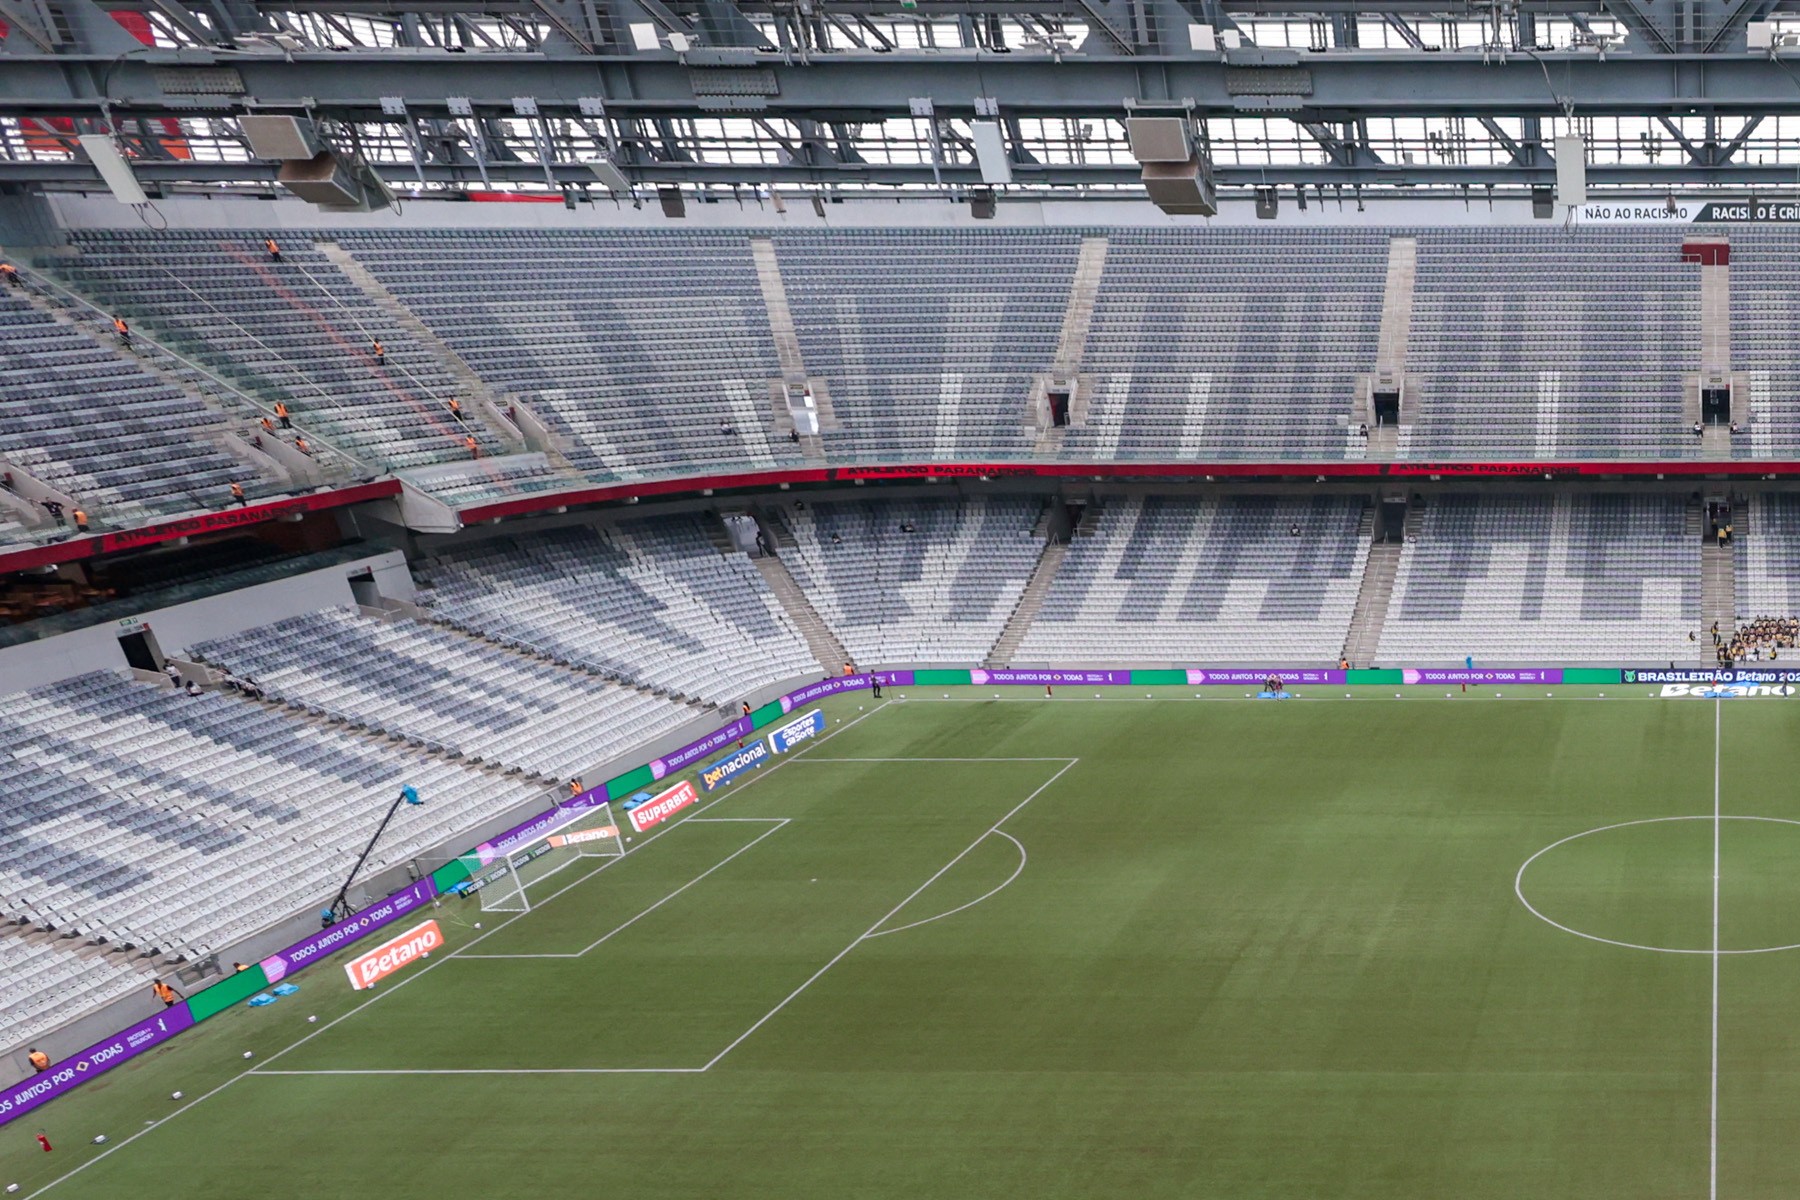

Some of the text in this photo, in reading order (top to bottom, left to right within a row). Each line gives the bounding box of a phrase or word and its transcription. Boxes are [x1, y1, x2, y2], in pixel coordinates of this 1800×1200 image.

[1585, 205, 1688, 219] NÃO AO RACISMO
[1712, 207, 1766, 219] RACISO
[1769, 204, 1776, 219] É
[1638, 670, 1733, 682] BRASILEIRÃO
[1736, 671, 1776, 682] Betano
[703, 744, 766, 788] betnacional
[638, 786, 693, 825] SUPERBET
[290, 944, 317, 962] TODOS
[343, 922, 359, 937] POR
[369, 905, 393, 922] TODAS
[360, 931, 436, 982] Betano
[15, 1080, 52, 1105] JUNTOS
[52, 1068, 75, 1086] POR
[90, 1043, 124, 1065] TODAS
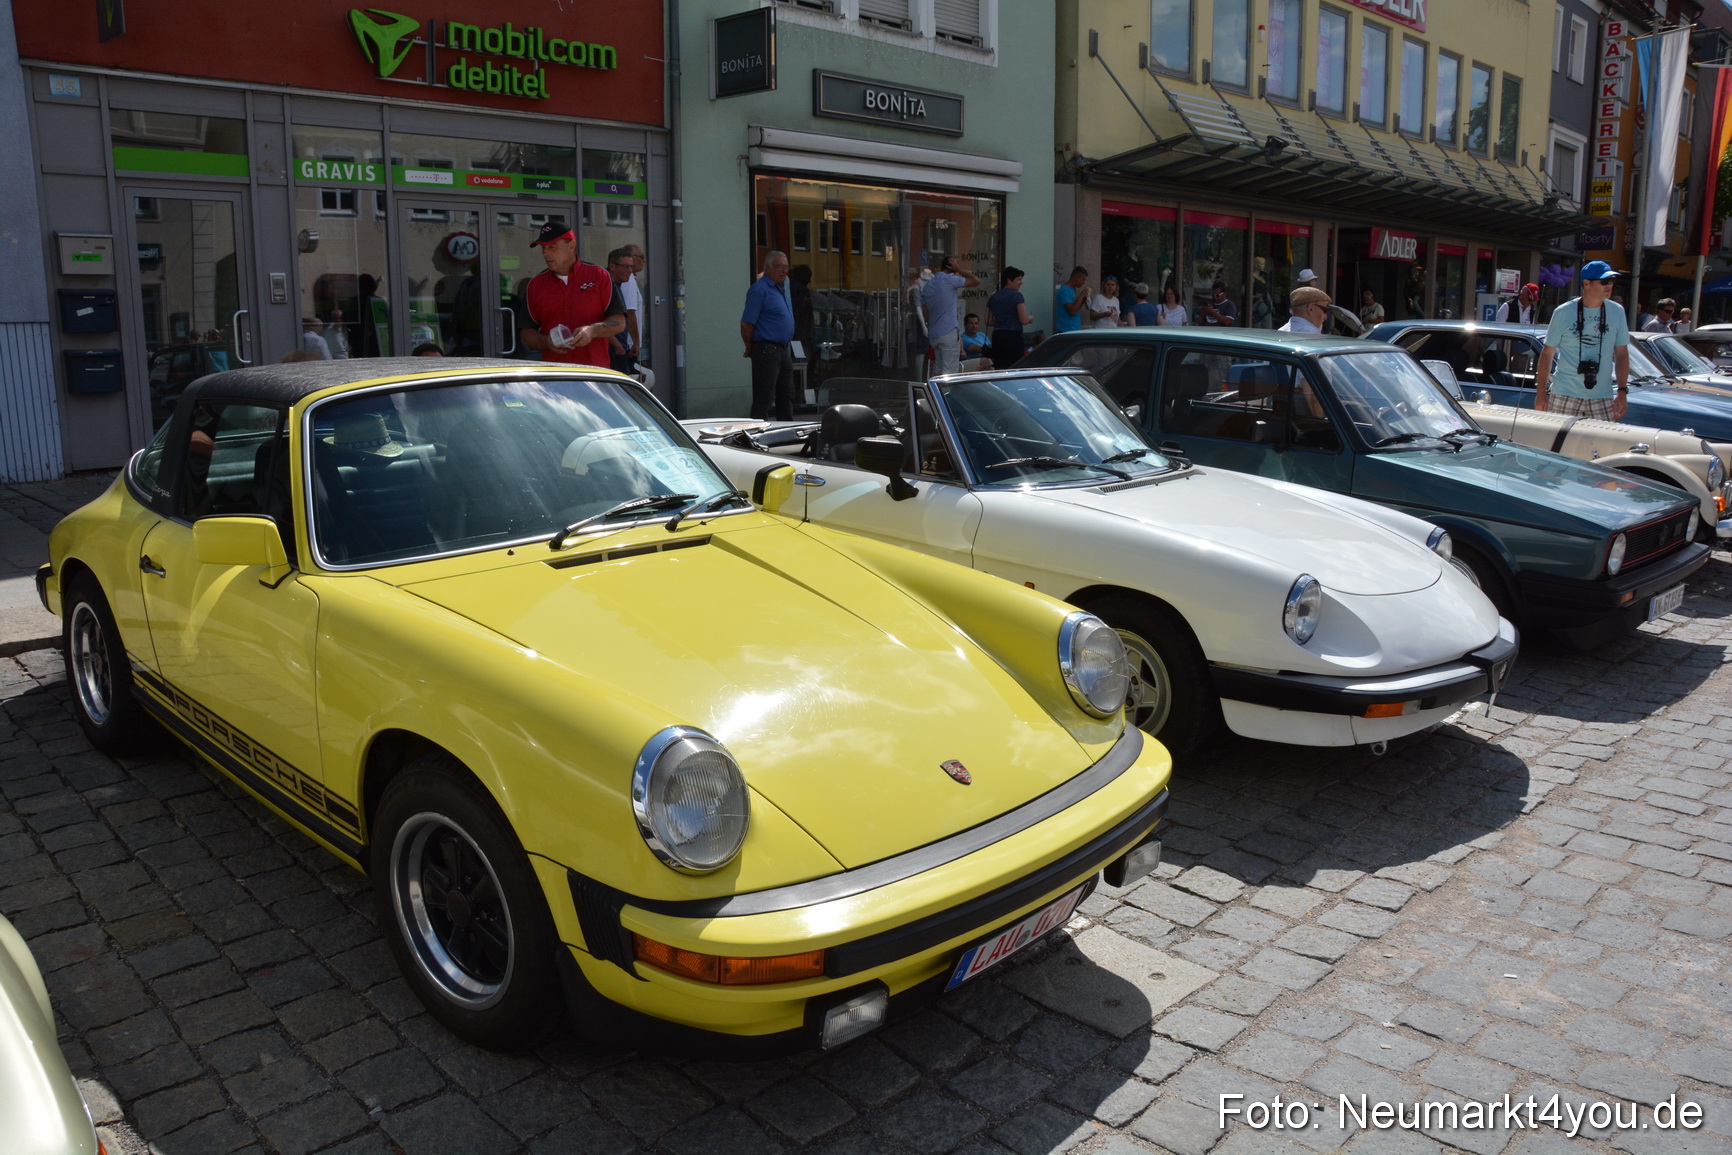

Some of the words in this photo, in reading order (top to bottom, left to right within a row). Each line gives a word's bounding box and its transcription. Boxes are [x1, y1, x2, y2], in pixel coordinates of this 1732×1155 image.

[446, 21, 617, 69] mobilcom
[53, 79, 77, 93] 45
[448, 57, 550, 99] debitel
[865, 91, 926, 119] BONITA
[1599, 22, 1623, 176] BÄCKEREI
[301, 160, 376, 182] GRAVIS
[481, 176, 504, 185] vodafone
[1592, 182, 1612, 194] café
[1380, 230, 1417, 260] ADLER
[1579, 232, 1612, 246] liberty
[1485, 307, 1494, 320] P
[175, 692, 325, 808] PORSCHE
[970, 924, 1025, 973] LAU

→ **To do**:
All of the entries need to be copied exactly, minus any pictures.

→ **Output**:
Some of the text in this photo, in reading order (top to bottom, left to right within a row). Each line gives the bounding box of a phrase or word and its transcription. Boxes are [x1, y1, x2, y2], in pixel coordinates of this 1800×1200 image.

[1585, 205, 1688, 219] NÃO AO RACISMO
[1712, 207, 1766, 219] RACISO
[1769, 204, 1776, 219] É
[1638, 670, 1733, 682] BRASILEIRÃO
[1736, 671, 1776, 682] Betano
[703, 744, 766, 788] betnacional
[638, 786, 693, 825] SUPERBET
[290, 944, 317, 962] TODOS
[343, 922, 359, 937] POR
[369, 905, 393, 922] TODAS
[360, 931, 436, 982] Betano
[15, 1080, 52, 1105] JUNTOS
[52, 1068, 75, 1086] POR
[90, 1043, 124, 1065] TODAS

Some of the words in this photo, in reading order (top to bottom, left to right within a row). Each line gives a word's bounding box and its transcription. Boxes are [x1, y1, x2, y2], in pixel coordinates of this 1732×1155 image.

[446, 21, 617, 69] mobilcom
[53, 79, 77, 93] 45
[448, 57, 550, 99] debitel
[865, 91, 926, 119] BONITA
[1599, 22, 1623, 176] BÄCKEREI
[301, 160, 376, 182] GRAVIS
[481, 176, 504, 185] vodafone
[1592, 182, 1612, 194] café
[1380, 230, 1417, 260] ADLER
[1579, 232, 1612, 246] liberty
[1485, 307, 1494, 320] P
[175, 692, 325, 808] PORSCHE
[970, 924, 1025, 973] LAU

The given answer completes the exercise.